If the egg is fertilized and implants successfully, the early pregnancy produces a hormone (hCG) that keeps the corpus luteum alive and producing progesterone. This is the same hormone that pregnancy tests detect.

Physical Signs Throughout the Cycle

Your body gives several clues about where you are in the cycle, even without a test or a tracker. One of the most noticeable is cervical mucus, the discharge you may see on underwear or toilet paper.

  • During and just after your period (roughly days 1 to 4): discharge is dry or tacky, often white or slightly yellow.
  • Mid-follicular phase (days 4 to 9): it shifts to sticky, then creamy and yogurt-like, with a cloudy white appearance.
  • Approaching ovulation (days 10 to 14): mucus becomes clear, slippery, and stretchy, resembling raw egg whites. This is your most fertile window.
  • After ovulation through the luteal phase (days 15 to 28): discharge dries up again and stays minimal until your period arrives.

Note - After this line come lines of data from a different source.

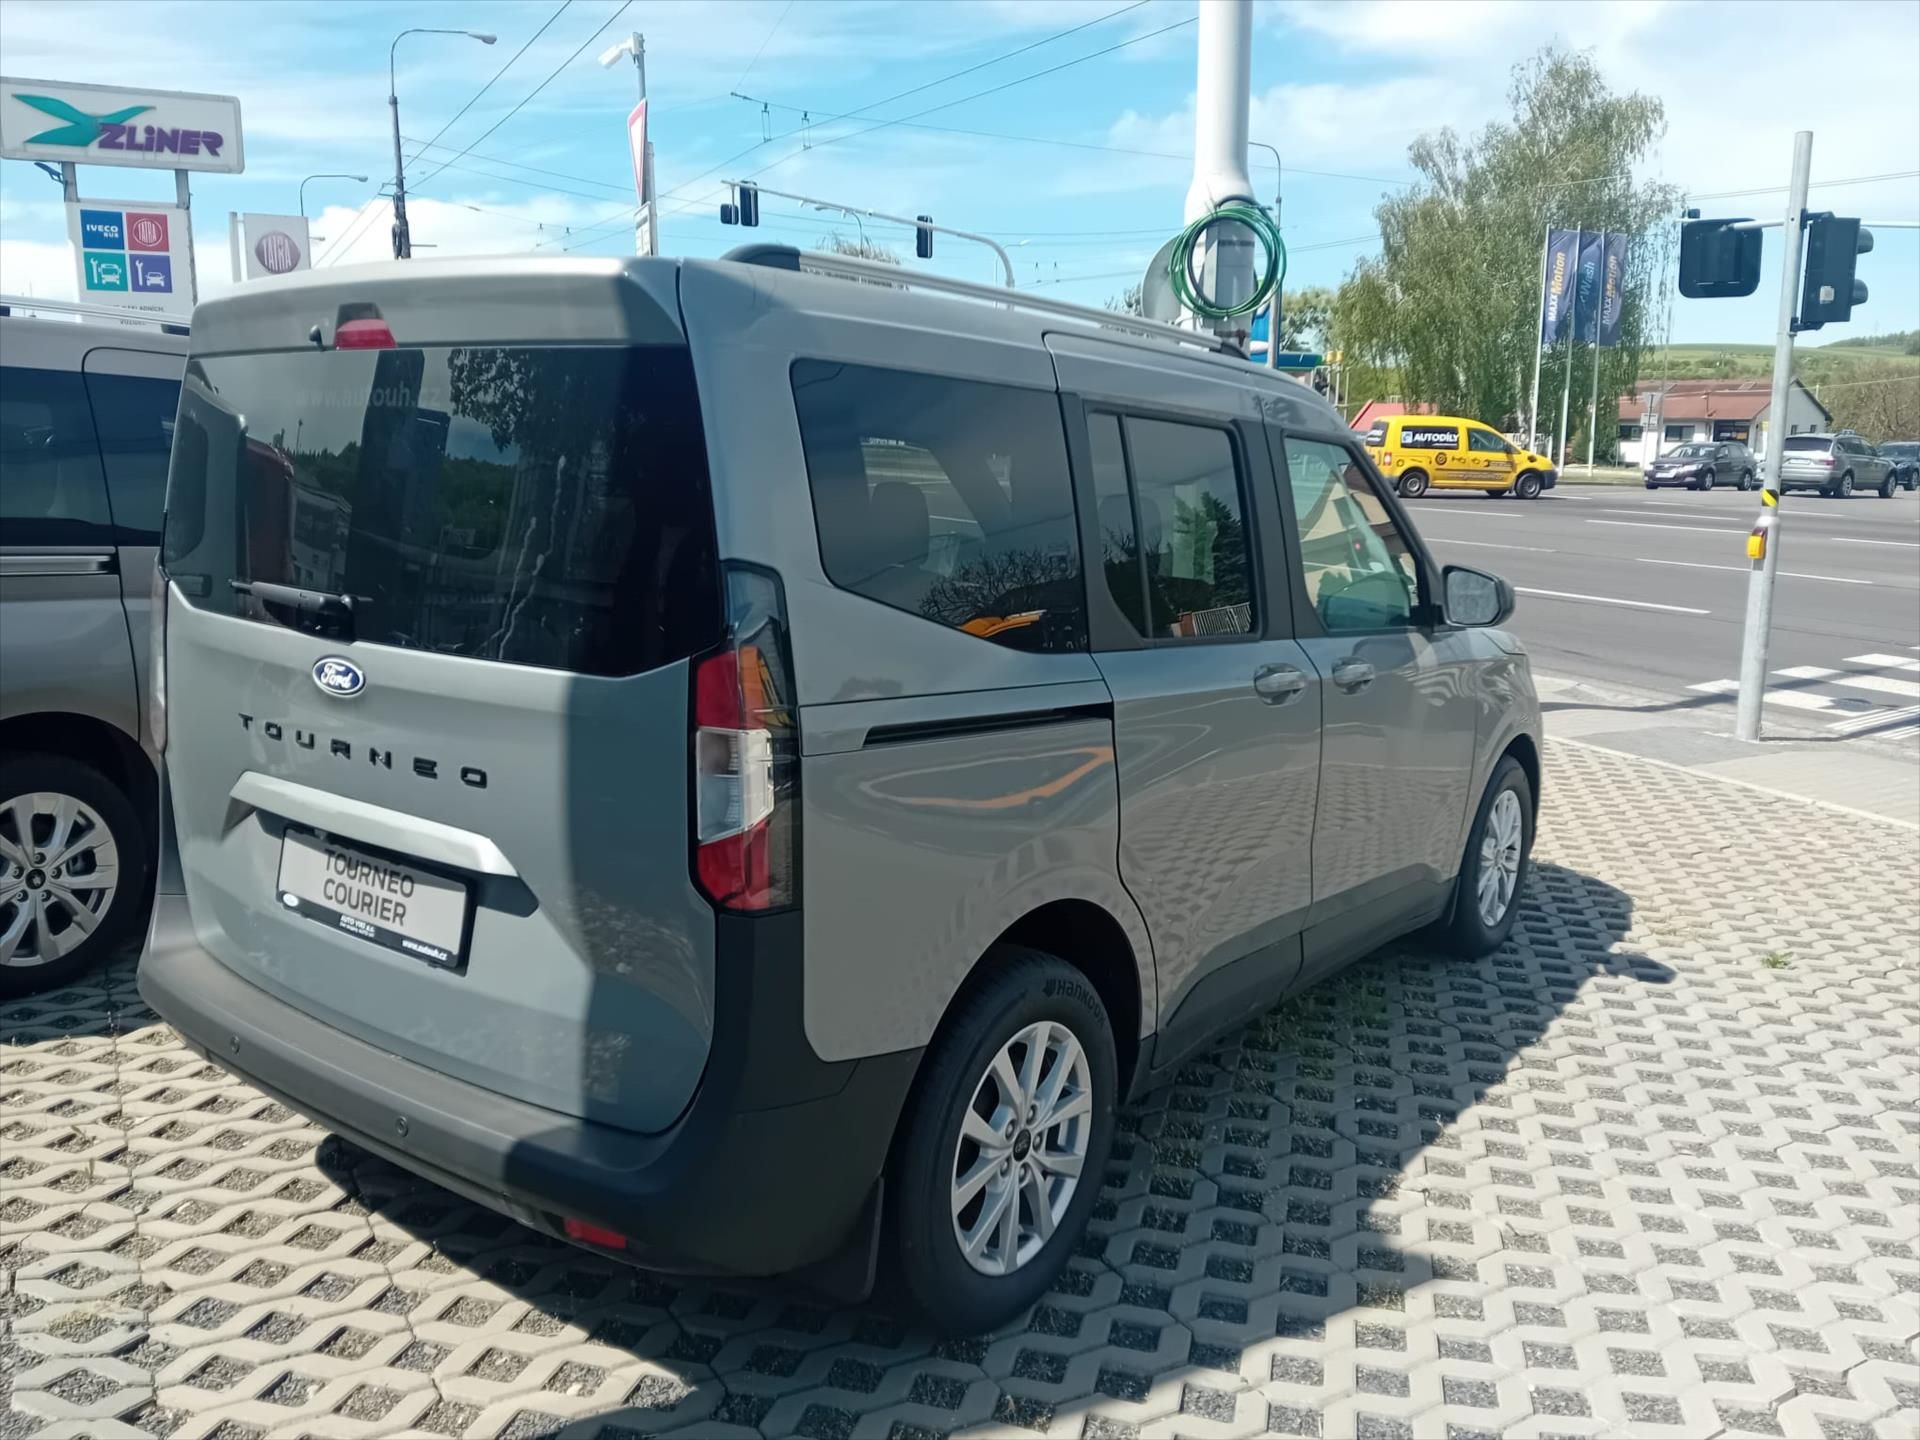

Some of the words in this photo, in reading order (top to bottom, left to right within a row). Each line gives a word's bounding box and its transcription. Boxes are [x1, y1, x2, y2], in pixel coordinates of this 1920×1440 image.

[86, 224, 119, 232] IVECO
[1413, 431, 1459, 442] AUTODÍLY
[320, 662, 353, 690] Ford
[238, 713, 488, 789] TOURNEO
[324, 848, 415, 898] TOURNEO
[323, 878, 407, 926] COURIER

Basal body temperature follows a different pattern. Before ovulation, your resting temperature stays in a lower range. After ovulation, the progesterone released by the corpus luteum nudges it up by less than half a degree Fahrenheit in many people, though the increase can be as much as a full degree. The temperature stays elevated throughout the luteal phase and drops back down when your period starts (or stays elevated if you’re pregnant).

Why Cycles Vary in Length

Almost all normal variation in cycle length comes from the follicular phase. Some months, the dominant follicle develops quickly; other months, it takes longer. The luteal phase, by contrast, stays relatively fixed for each individual. This means that if you have a 32-day cycle one month and a 26-day cycle the next, ovulation simply happened earlier or later.

Factors like significant weight changes, intense exercise, illness, travel, and major life transitions can all influence how quickly (or slowly) the follicular phase unfolds. Interestingly, while everyday psychological stress is often blamed for irregular periods, research has not found a consistent link between general stress levels and abnormal cycle length. Severe or prolonged stress can suppress the hormonal signals from the pituitary gland, but ordinary daily stress is less likely to throw off your cycle than many people assume.

Cycles also tend to be more irregular at the extremes of reproductive life. In the first few years after periods begin, and again in the years leading up to menopause, it’s common for cycles to fall outside the 24-to-38-day range as the hormonal system ramps up or winds down.